:: Description of the task ::
Set down every record below exactly as written, but leave out the pictures.

:: Records provided ::
<<<<

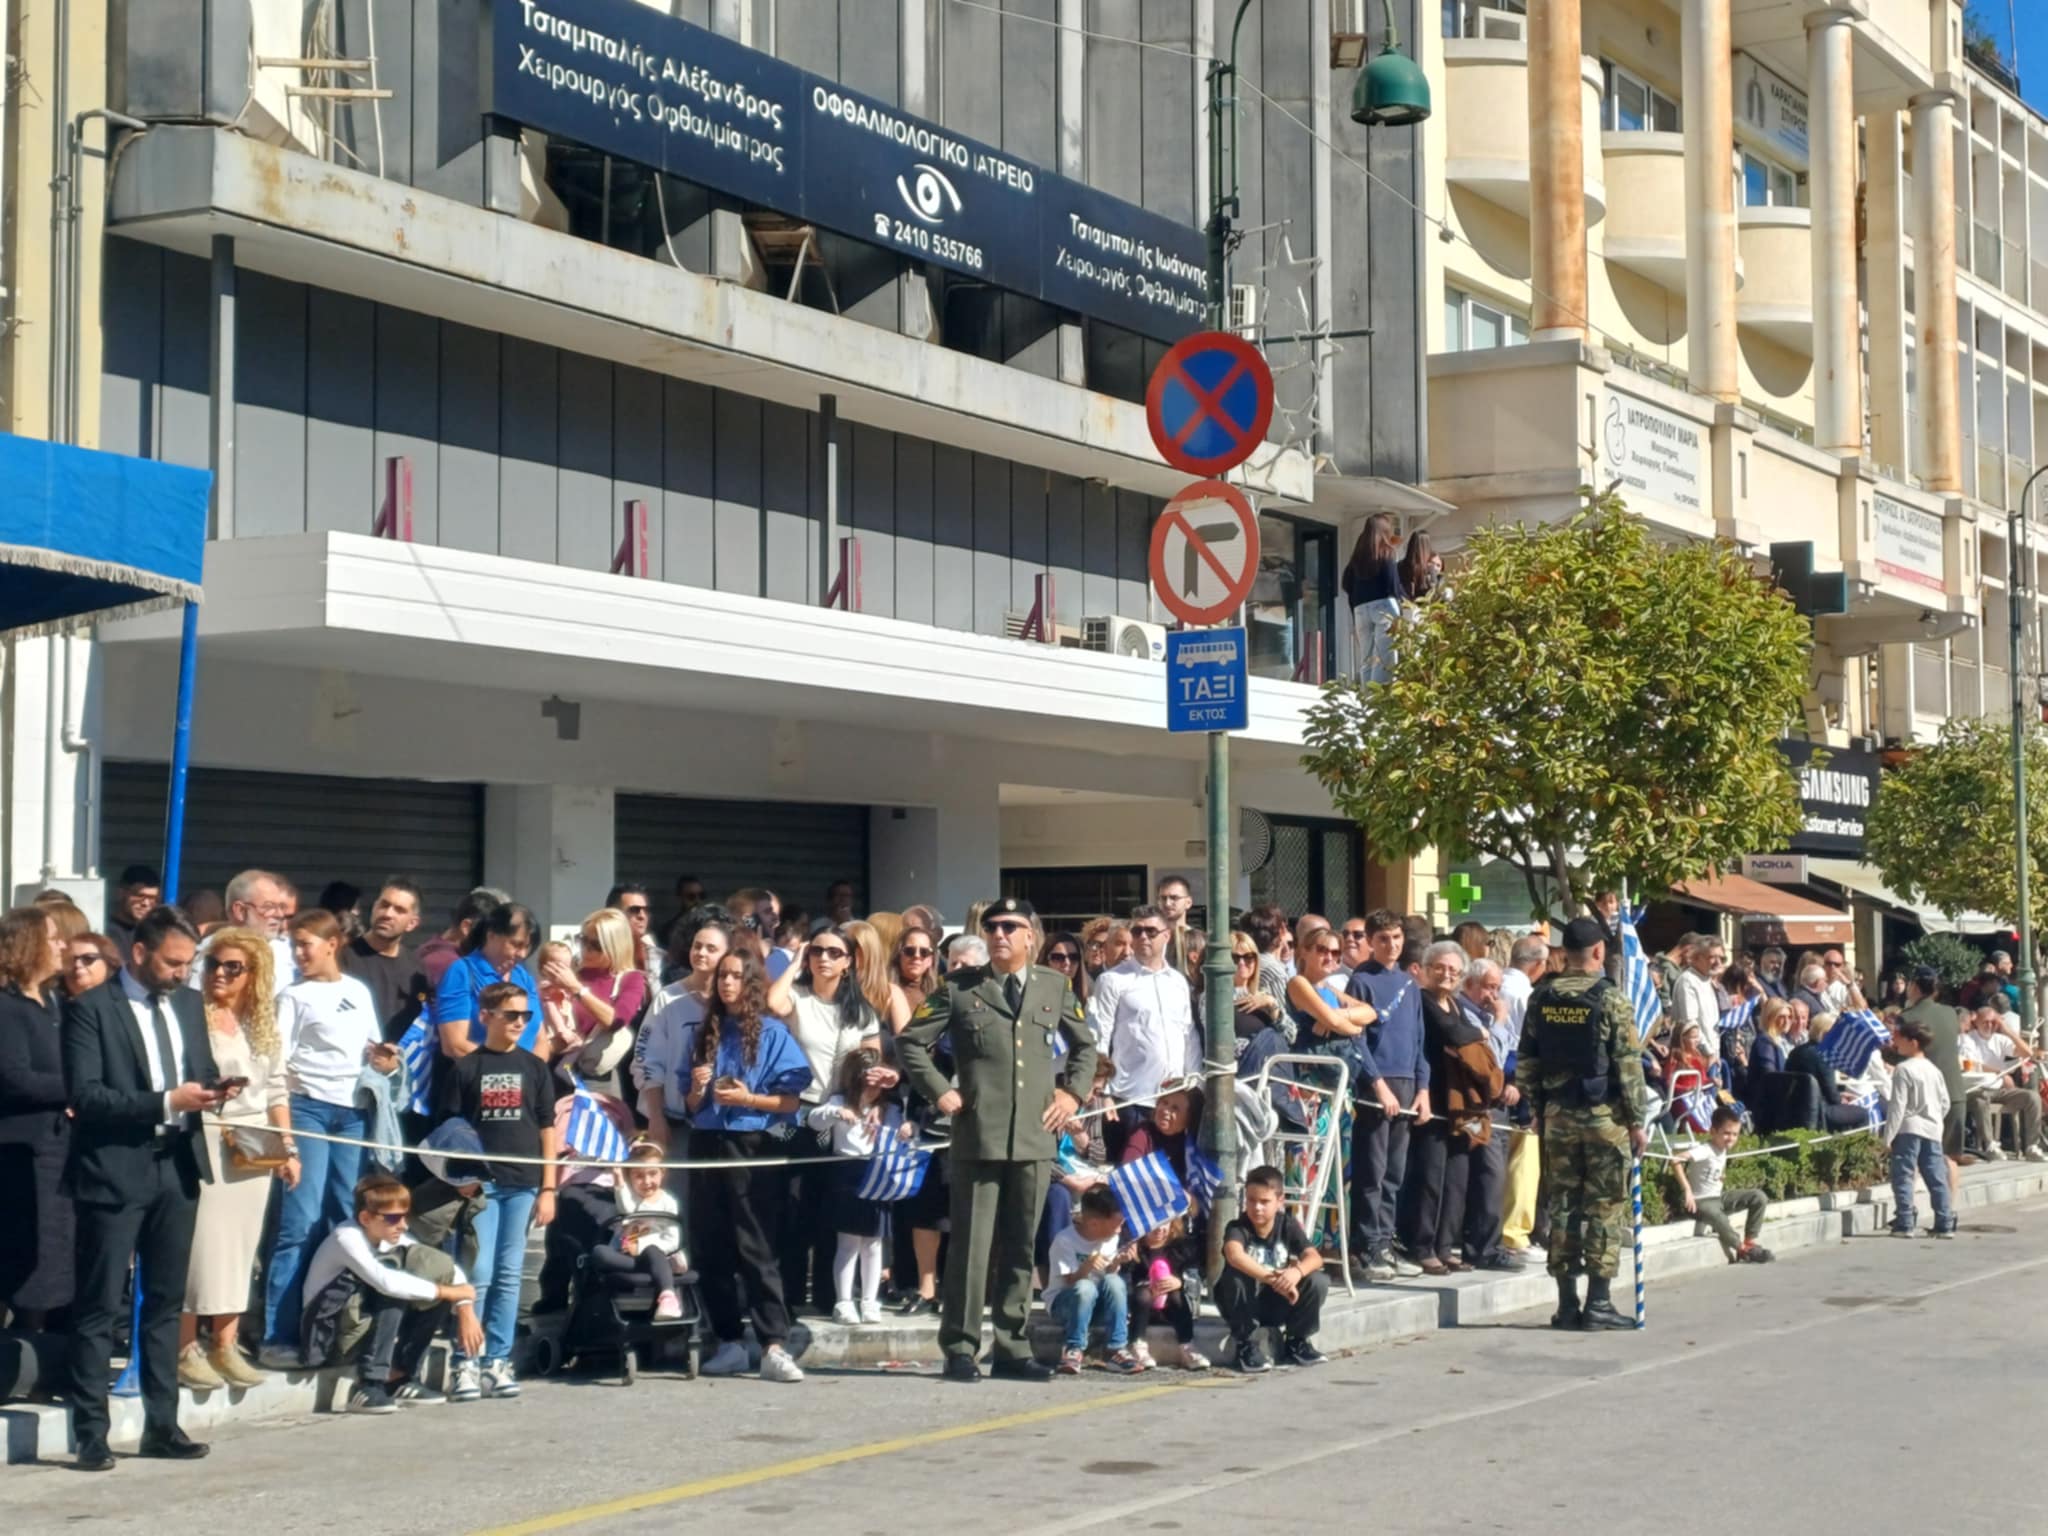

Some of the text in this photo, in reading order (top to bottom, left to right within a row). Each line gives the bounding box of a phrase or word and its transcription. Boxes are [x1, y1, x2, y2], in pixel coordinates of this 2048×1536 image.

[519, 0, 784, 131] Τσιαμπαλής Αλέξανδρος
[518, 43, 786, 173] Χειρουργός Οφθαλμίατρος
[812, 85, 1035, 193] ΟΦΘΑΛΜΟΛΟΓΙΚΟ ΙΑΤΡΕΙΟ
[893, 220, 983, 270] 2410 535766
[1069, 212, 1208, 291] Τσιαμπαλής Ιωάννης
[1055, 245, 1207, 322] Χειρουργός Οφθαλμίατρ
[1178, 674, 1235, 701] ΤΑΞΙ
[1188, 707, 1228, 721] ΕΚΤΟΣ
[1801, 767, 1870, 808] SAMSUNG
[1751, 860, 1793, 869] NOKIA
[1541, 1006, 1591, 1016] MILITARY
[1545, 1014, 1586, 1024] POLICE

>>>>

:: Worked solution ::
Some of the text in this photo, in reading order (top to bottom, left to right within a row). Each line gives the bounding box of a phrase or word and its transcription. Boxes are [x1, y1, x2, y2], in pixel coordinates of this 2048×1536 image.

[519, 0, 784, 131] Τσιαμπαλής Αλέξανδρος
[518, 43, 786, 173] Χειρουργός Οφθαλμίατρος
[812, 85, 1035, 193] ΟΦΘΑΛΜΟΛΟΓΙΚΟ ΙΑΤΡΕΙΟ
[893, 220, 983, 270] 2410 535766
[1069, 212, 1208, 291] Τσιαμπαλής Ιωάννης
[1055, 245, 1207, 322] Χειρουργός Οφθαλμίατρ
[1178, 674, 1235, 701] ΤΑΞΙ
[1188, 707, 1228, 721] ΕΚΤΟΣ
[1801, 767, 1870, 808] SAMSUNG
[1751, 860, 1793, 869] NOKIA
[1541, 1006, 1591, 1016] MILITARY
[1545, 1014, 1586, 1024] POLICE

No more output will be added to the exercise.